BEGIN Excerpted records

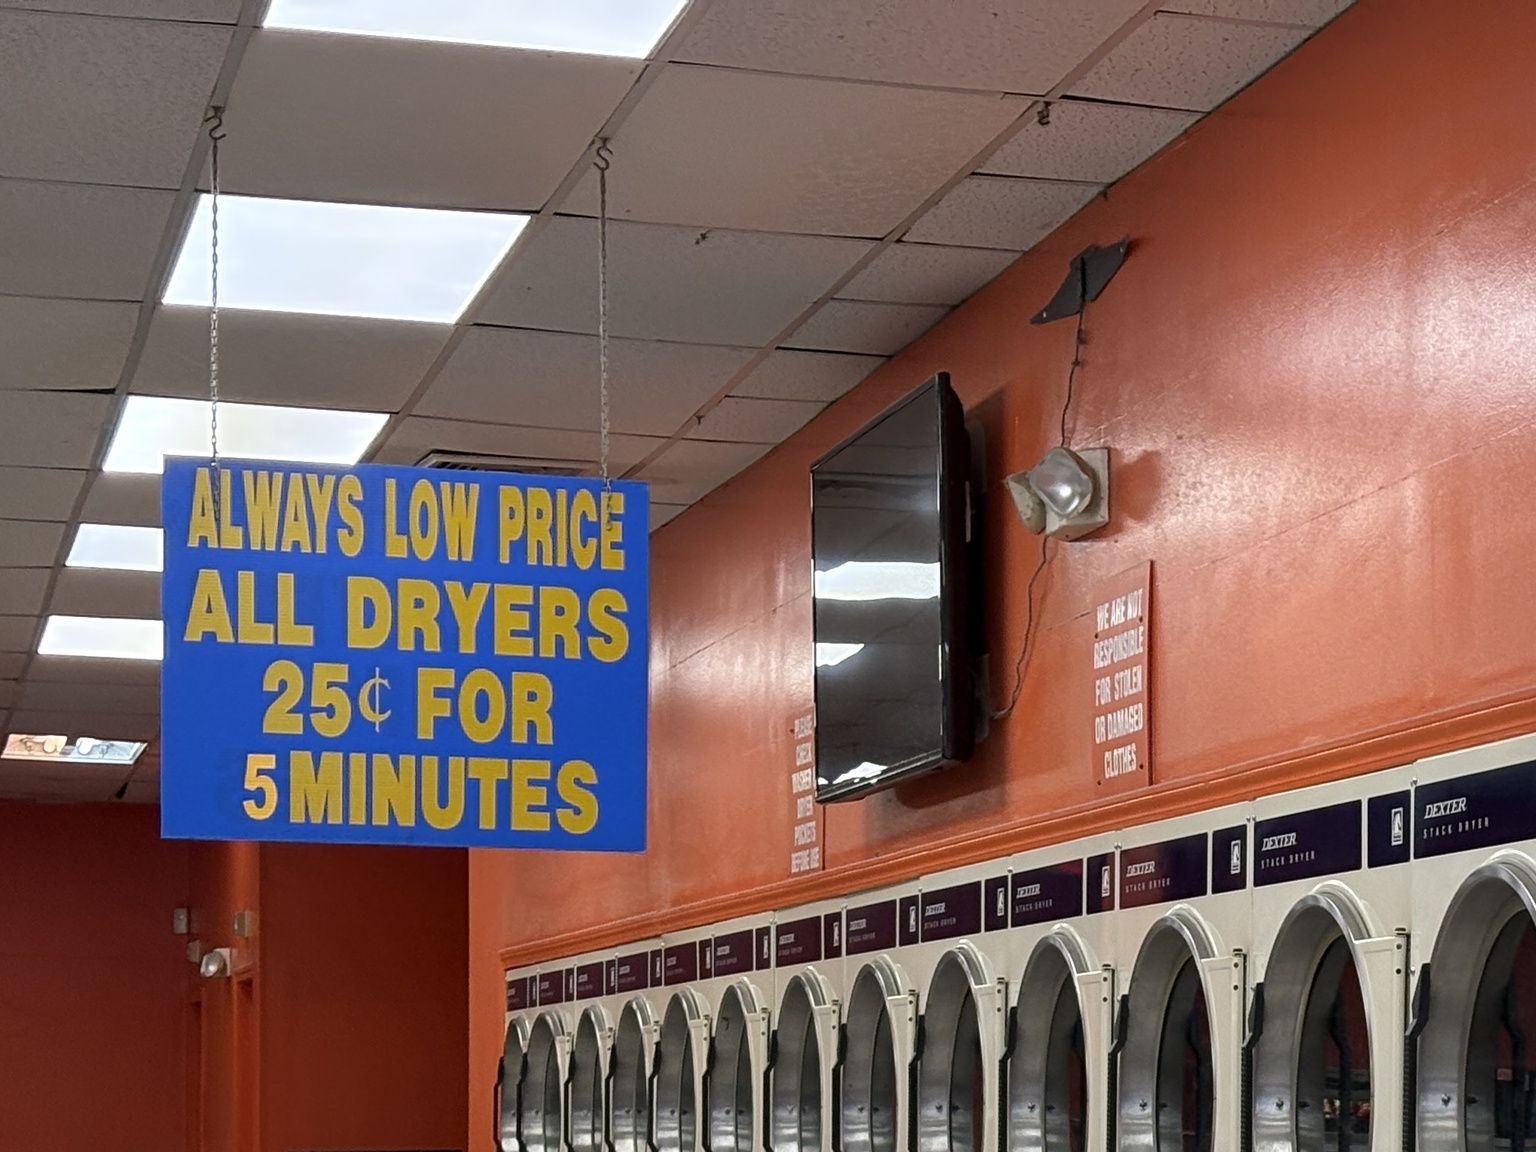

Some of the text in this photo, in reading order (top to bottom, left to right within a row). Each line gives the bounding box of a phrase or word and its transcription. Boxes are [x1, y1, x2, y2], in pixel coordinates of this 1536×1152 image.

[187, 467, 625, 571] ALWAYS LOW PRICE
[183, 569, 630, 663] ALL DRYERS
[1097, 588, 1143, 632] WE ARE NOT
[1094, 626, 1144, 669] RESPONSIBLE
[262, 660, 554, 745] 25¢ FOR
[1096, 664, 1142, 706] FOR STOLEN
[1095, 703, 1143, 744] OR DAMAGED
[1105, 743, 1137, 779] CLOTHES
[242, 751, 598, 835] 5 MINUTES
[1424, 797, 1467, 819] DEXTER
[1261, 832, 1297, 851] DEXTER
[1423, 816, 1489, 839] STACK DRYER
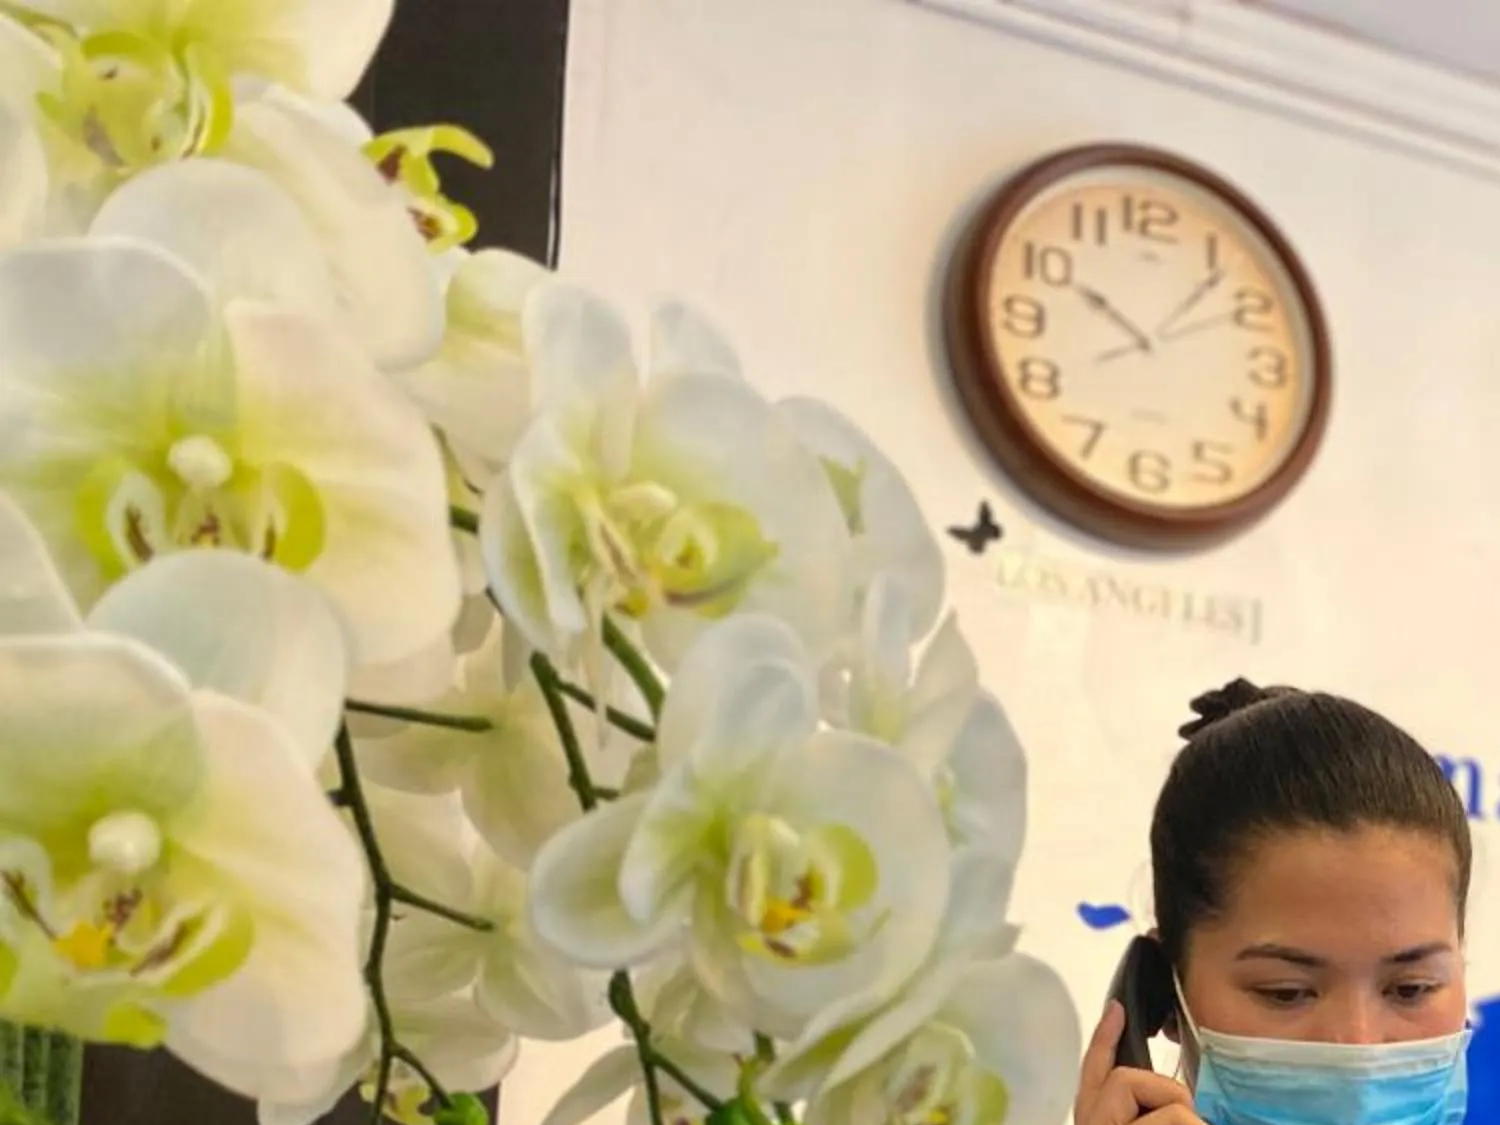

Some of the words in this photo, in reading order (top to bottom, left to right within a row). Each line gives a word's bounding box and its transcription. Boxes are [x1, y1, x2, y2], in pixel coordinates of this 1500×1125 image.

[1072, 203, 1106, 245] 11
[1122, 195, 1180, 243] 12
[1024, 242, 1073, 287] 10
[1205, 232, 1219, 271] 1
[1001, 295, 1045, 339] 9
[1233, 288, 1275, 331] 2
[1018, 357, 1060, 400] 8
[1248, 348, 1288, 389] 3
[1062, 414, 1107, 459] 7
[1231, 397, 1268, 441] 4
[1128, 450, 1170, 493] 6
[1193, 442, 1233, 485] 5

END Excerpted records

Work instructions
Images stay out, but the rest of the records must be retyped exactly.

The answer
Some of the text in this photo, in reading order (top to bottom, left to right within a row). Each line gives the bounding box of a phrase or word and its transcription. Boxes are [x1, y1, x2, y2], in pixel coordinates of this 1536×1152 image.

[187, 467, 625, 571] ALWAYS LOW PRICE
[183, 569, 630, 663] ALL DRYERS
[1097, 588, 1143, 632] WE ARE NOT
[1094, 626, 1144, 669] RESPONSIBLE
[262, 660, 554, 745] 25¢ FOR
[1096, 664, 1142, 706] FOR STOLEN
[1095, 703, 1143, 744] OR DAMAGED
[1105, 743, 1137, 779] CLOTHES
[242, 751, 598, 835] 5 MINUTES
[1424, 797, 1467, 819] DEXTER
[1261, 832, 1297, 851] DEXTER
[1423, 816, 1489, 839] STACK DRYER

Some of the words in this photo, in reading order (top to bottom, left to right within a row). Each line gives a word's bounding box and its transcription. Boxes are [x1, y1, x2, y2], in pixel coordinates of this 1500×1125 image.

[1072, 203, 1106, 245] 11
[1122, 195, 1180, 243] 12
[1024, 242, 1073, 287] 10
[1205, 232, 1219, 271] 1
[1001, 295, 1045, 339] 9
[1233, 288, 1275, 331] 2
[1018, 357, 1060, 400] 8
[1248, 348, 1288, 389] 3
[1062, 414, 1107, 459] 7
[1231, 397, 1268, 441] 4
[1128, 450, 1170, 493] 6
[1193, 442, 1233, 485] 5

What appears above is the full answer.